Overview
Join to apply for the Head QA, manufacturing equipment qualification CQV 80-100% role at Lonza .
Location: Stein, Switzerland. Relocation assistance is available for eligible candidates and their families, if needed.
Lonza is a global leader in life sciences. As Head QA, manufacturing equipment qualification CQV, you will be part of the Site Quality Leadership team, shaping the quality landscape at Lonza AG in Stein, and contribute to integrating a Greenfield project (building several new production lines) into the existing manufacturing environment.
What You’ll Get
An agile career and dynamic working culture
An inclusive and ethical workplace
Compensation programs that recognize high performance
A wide range of lifestyle, family and leisure benefits; full list of local benefits is available
Key responsibilities
Establish and maintain the Equipment Qualification System at Lonza Drug Product Services (DPS), including commissioning, process and computerized systems validation, and qualification of manufacturing equipment.
Lead and develop a team of QA Experts, guiding them in line with Lonza’s values and behaviors, including objective setting, performance evaluations, development planning, and participation in recruiting.
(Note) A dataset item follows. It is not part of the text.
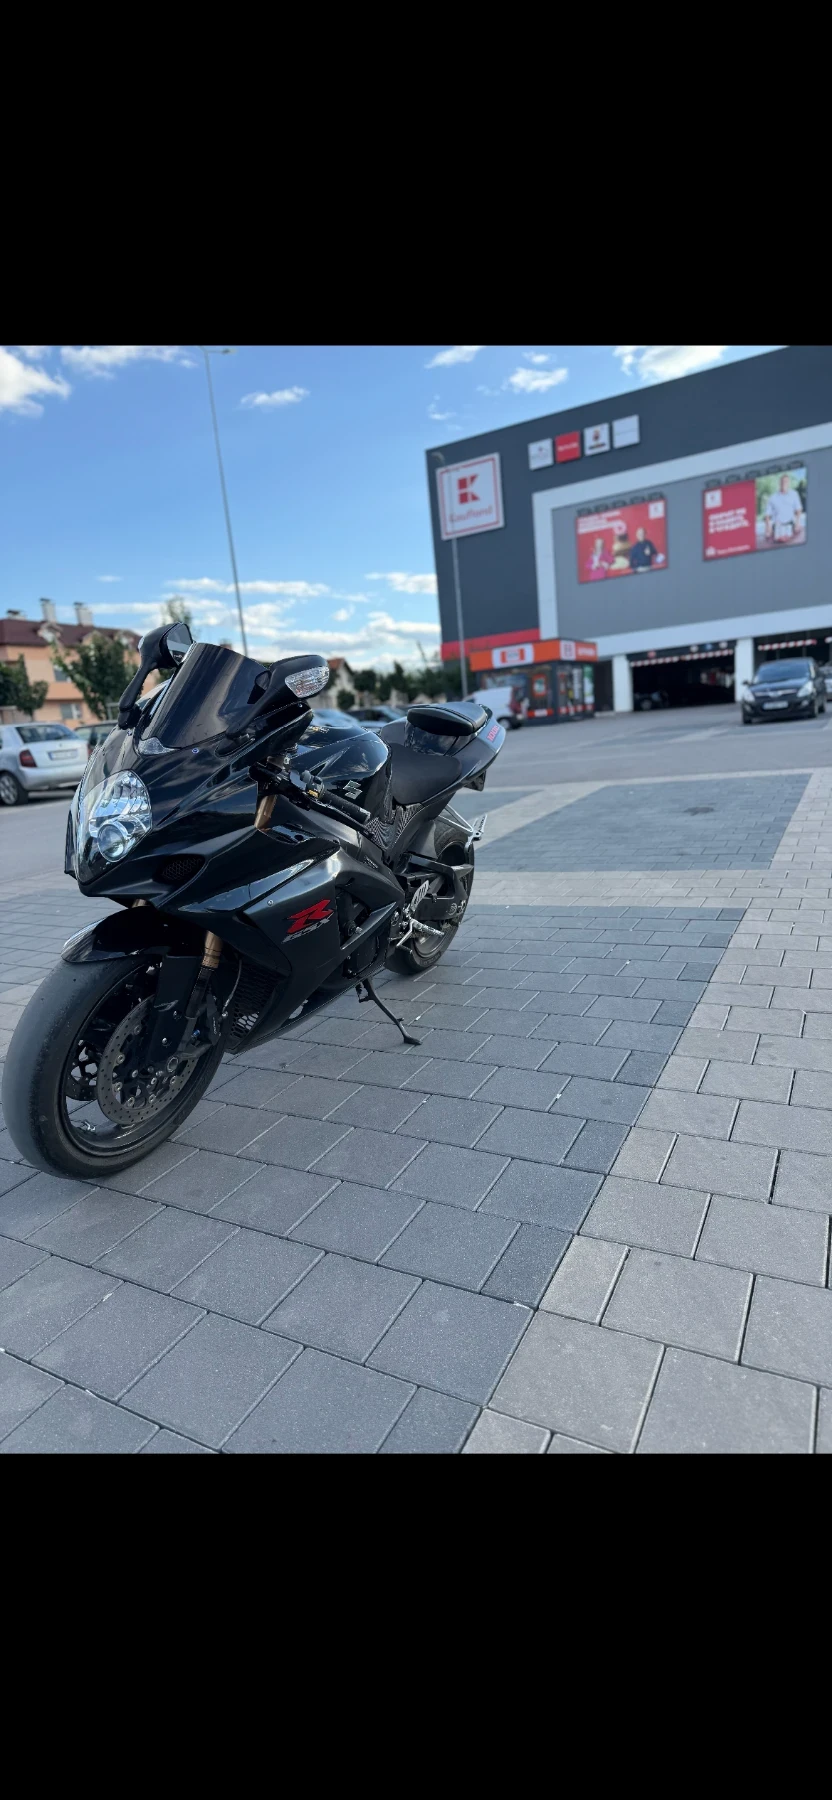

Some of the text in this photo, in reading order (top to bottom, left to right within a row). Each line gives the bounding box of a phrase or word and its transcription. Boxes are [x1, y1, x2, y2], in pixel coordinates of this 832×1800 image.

Promote high performance and trust; identify proficiency gaps.
Ensure accurate qualification of equipment, infrastructure, and computerized systems by adhering to corresponding VMPs. Support and implement global CQV procedures. Serve as the first contact for documents related to equipment, infrastructure, and computerized systems qualification & maintenance within QA.
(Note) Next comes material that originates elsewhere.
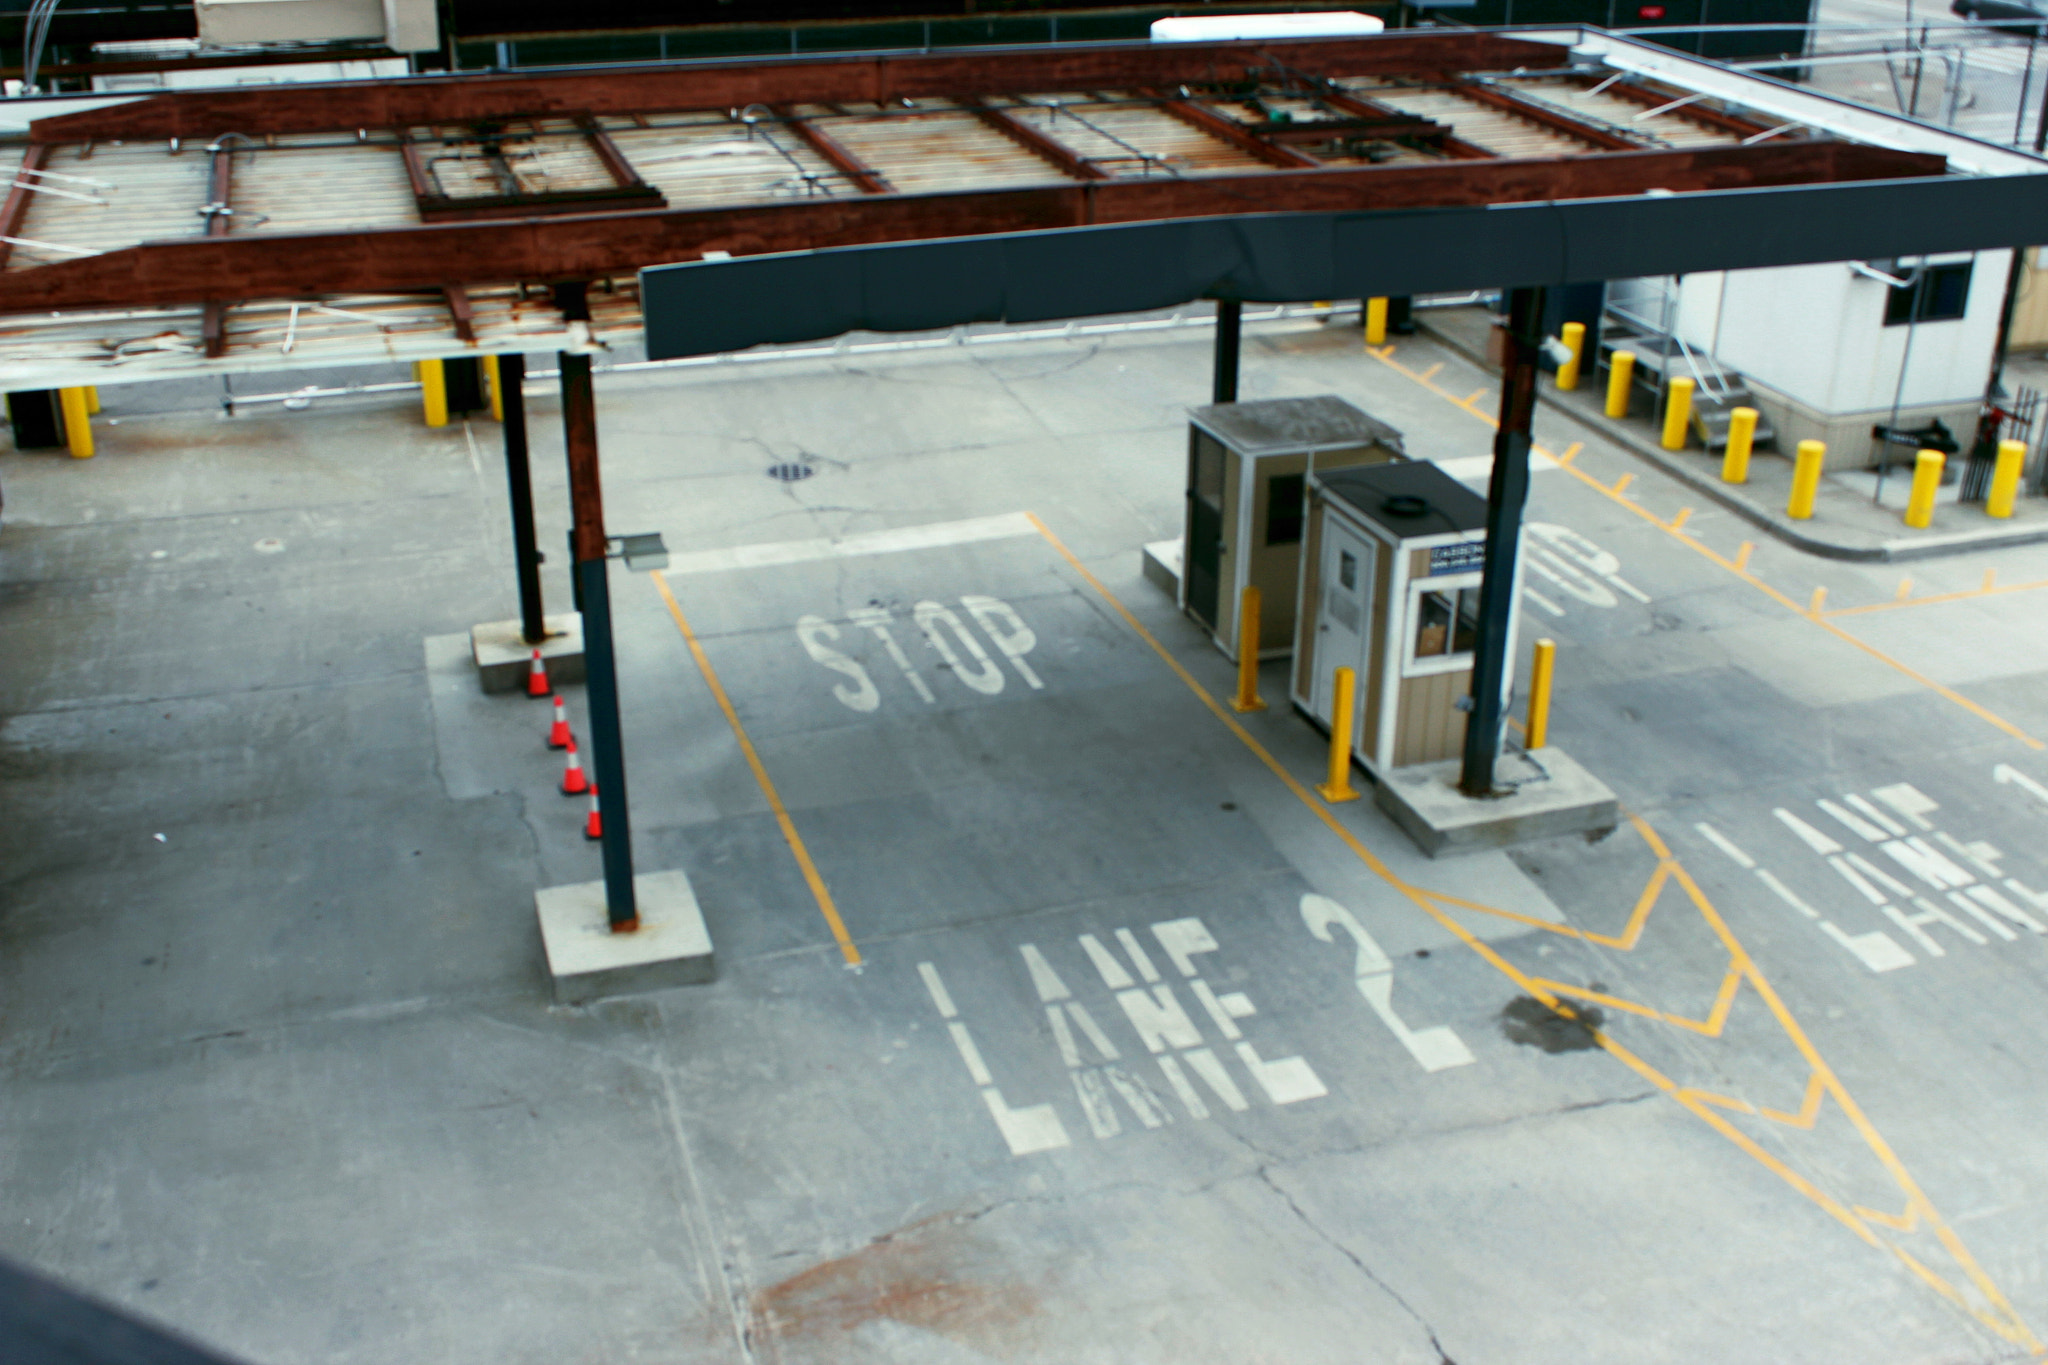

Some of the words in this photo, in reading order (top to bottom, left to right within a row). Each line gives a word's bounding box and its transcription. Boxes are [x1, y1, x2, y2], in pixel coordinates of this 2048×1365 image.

Supervise compliance activities such as GMP status, trend analysis of equipment, qualification/re-qualification related to supplier qualification, changes, nonconformities, CAPAs, audit/inspection observations, and document management.
Collaborate with other sites and global teams to improve and align CQV processes within Lonza. Ensure decisions are supported by global and local Quality and Regulatory standards.
Ensure effective use of resources (budget, time, personnel, systems).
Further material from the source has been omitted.